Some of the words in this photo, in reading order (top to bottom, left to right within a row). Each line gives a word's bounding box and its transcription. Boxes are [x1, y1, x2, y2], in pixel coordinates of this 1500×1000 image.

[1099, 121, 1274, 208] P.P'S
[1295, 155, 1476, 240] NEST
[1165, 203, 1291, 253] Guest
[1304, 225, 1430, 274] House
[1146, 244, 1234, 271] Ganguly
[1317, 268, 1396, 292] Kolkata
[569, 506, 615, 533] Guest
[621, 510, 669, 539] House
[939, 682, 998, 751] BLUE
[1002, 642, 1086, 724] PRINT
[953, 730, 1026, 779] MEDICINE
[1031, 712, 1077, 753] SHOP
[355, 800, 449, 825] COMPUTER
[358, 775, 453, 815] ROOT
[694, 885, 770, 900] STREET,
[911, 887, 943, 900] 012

+ + + +

» TASK TO COMPLETE:
Restate every entry exactly. Leave nothing out.

» RESULT OF THE EXERCISE:
Some of the words in this photo, in reading order (top to bottom, left to right within a row). Each line gives a word's bounding box and its transcription. Boxes are [x1, y1, x2, y2], in pixel coordinates of this 1500×1000 image.

[1099, 121, 1274, 208] P.P'S
[1295, 155, 1476, 240] NEST
[1165, 203, 1291, 253] Guest
[1304, 225, 1430, 274] House
[1146, 244, 1234, 271] Ganguly
[1317, 268, 1396, 292] Kolkata
[569, 506, 615, 533] Guest
[621, 510, 669, 539] House
[939, 682, 998, 751] BLUE
[1002, 642, 1086, 724] PRINT
[953, 730, 1026, 779] MEDICINE
[1031, 712, 1077, 753] SHOP
[355, 800, 449, 825] COMPUTER
[358, 775, 453, 815] ROOT
[694, 885, 770, 900] STREET,
[911, 887, 943, 900] 012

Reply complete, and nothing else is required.